On a separate note, you may wish to consult with another attorney before undertaking this matter on your own.
My responses to questions on Avvo are never intended as legal advice and must not be relied upon as legal advice. I give legal advice only in the course of an attorney-client relationship. Exchange of information through Avvo's Questions forum does not establish an attorney-client relationship with me. That relationship is established only by individual consultation and execution of a written agreement for legal services.

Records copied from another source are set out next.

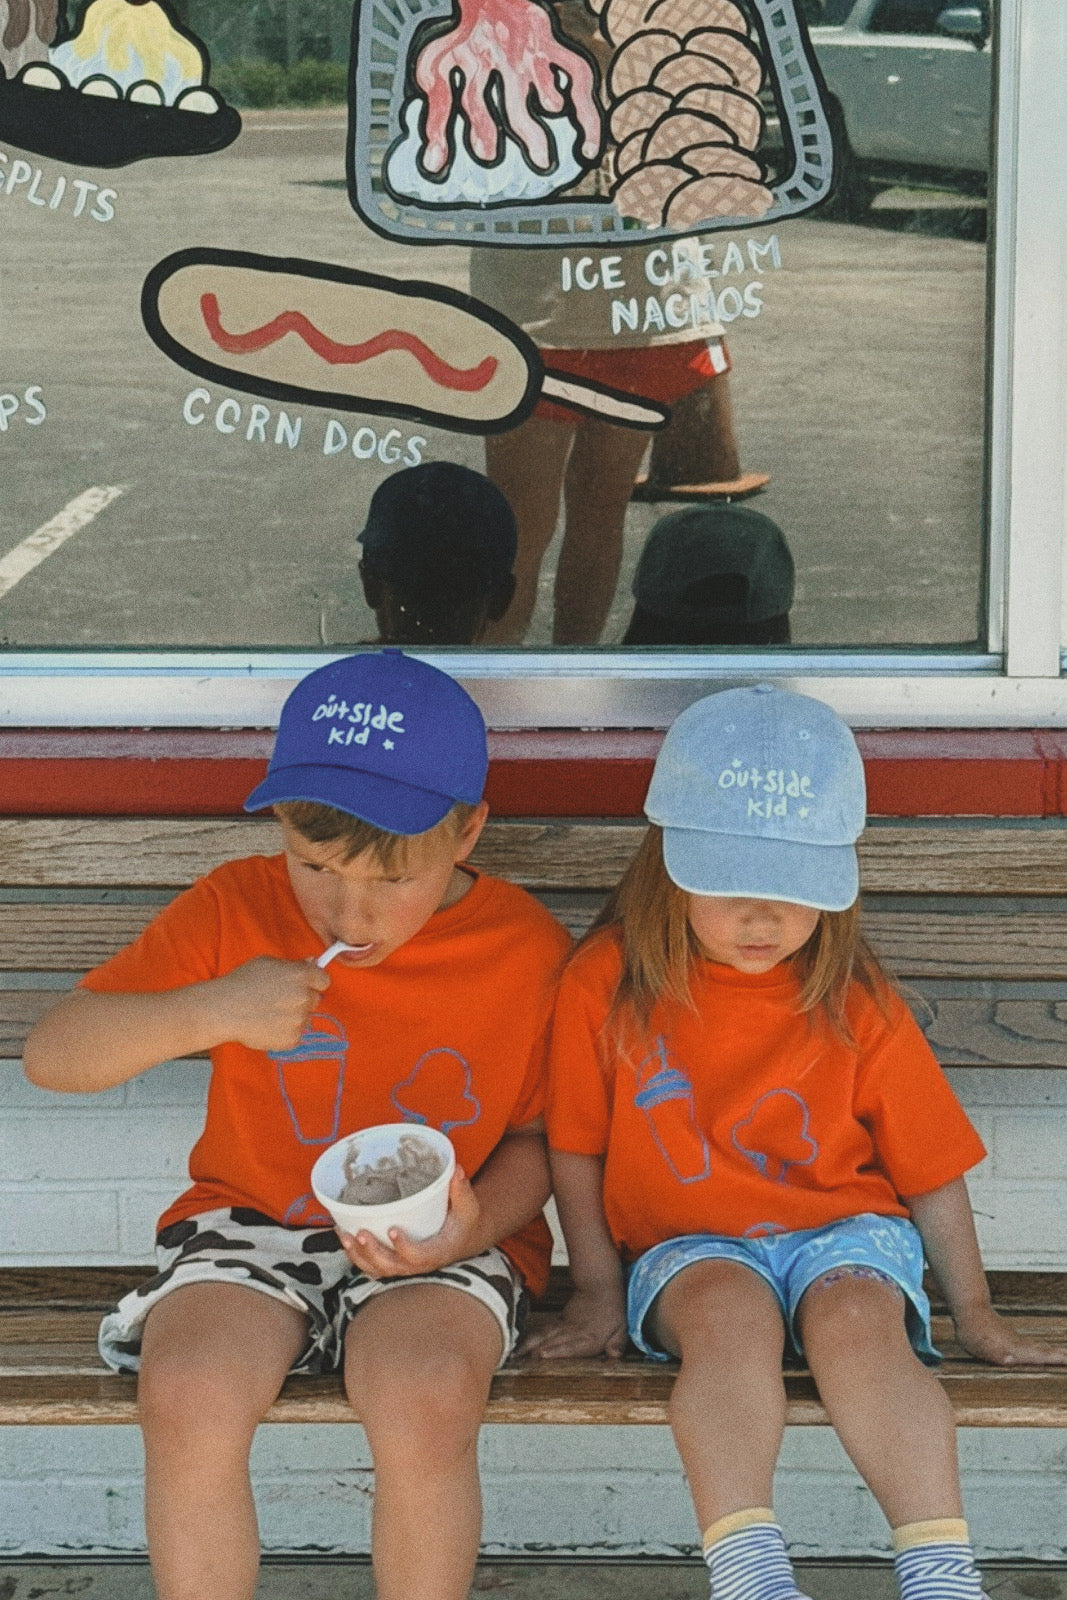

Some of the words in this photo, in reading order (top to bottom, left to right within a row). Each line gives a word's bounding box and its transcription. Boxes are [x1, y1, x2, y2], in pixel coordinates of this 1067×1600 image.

[561, 256, 626, 292] ICE
[645, 234, 782, 287] CREAM
[611, 281, 764, 335] NACHOS
[183, 387, 301, 449] CORN
[323, 420, 427, 467] DOGS

California law requires that employers allow employees and former employees access to their personnel files and records that relate to the employee’s performance or to any grievance concerning the employee. Labor Code Section 1198.5 Inspections must be allowed at reasonable times and intervals. To facilitate the inspection, employers must do one of the following: (1) keep a copy of each employee’s personnel records at the place where the employee reports to work, (2) make the personnel records available at the place where the employee reports to work within a reasonable amount of time following the employee’s request, or (3) permit the employee to inspect the records at the location where they are stored with no loss of compensation to the employee.
The right to inspect personnel files and records does not apply to records relating to the investigation of a possible criminal offense, letters of reference, or ratings, reports, or records that (a) were obtained prior to the employee’s employment, (b) were prepared by identifiable examination committee members, or (c) were obtained in connection with a promotional exam.

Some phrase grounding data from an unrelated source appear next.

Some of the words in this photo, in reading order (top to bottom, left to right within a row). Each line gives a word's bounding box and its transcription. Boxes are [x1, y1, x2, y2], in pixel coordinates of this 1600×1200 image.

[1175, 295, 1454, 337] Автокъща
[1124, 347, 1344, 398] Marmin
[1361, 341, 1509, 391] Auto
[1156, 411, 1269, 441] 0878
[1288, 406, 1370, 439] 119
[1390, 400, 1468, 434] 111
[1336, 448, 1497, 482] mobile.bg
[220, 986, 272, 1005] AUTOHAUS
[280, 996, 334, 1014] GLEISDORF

Employees of state agencies, with few exceptions, and public safety officers are exempt from the provisions of Labor Code Section 1198.5. Employers are required to give an employee or job applicant, upon request, a copy of any instrument that the employee or applicant has signed relating to the obtaining or holding of employment. Labor Code Section 432
Employers are required to permit current and former employees to inspect or copy payroll records pertaining to that current or former employee. Labor Code Section 226(b) An employer who receives a written or oral request from a current or former employee to inspect or copy his or her payroll records shall comply with the request as soon as practicable, but no later than 21 calendar days from the date of the request. A failure by an employer to permit a current or former employee to inspect or copy his or her payroll records within the aforementioned 21 calendar day period entitles the current or former employee to recover a penalty from the employer in a civil action. Labor Code Section 226, subdivisions (c) and (f)
Employers are required to keep accurate payroll records on each employee, and such records must be made readily available for inspection by the employee upon reasonable request.
The law has been amended so you may now request a copy of the file, rather than to just inspect it.
Google Labor Code Section 1198.5. You can also ask for a copy of your payroll records. Google Labor Code Section 226.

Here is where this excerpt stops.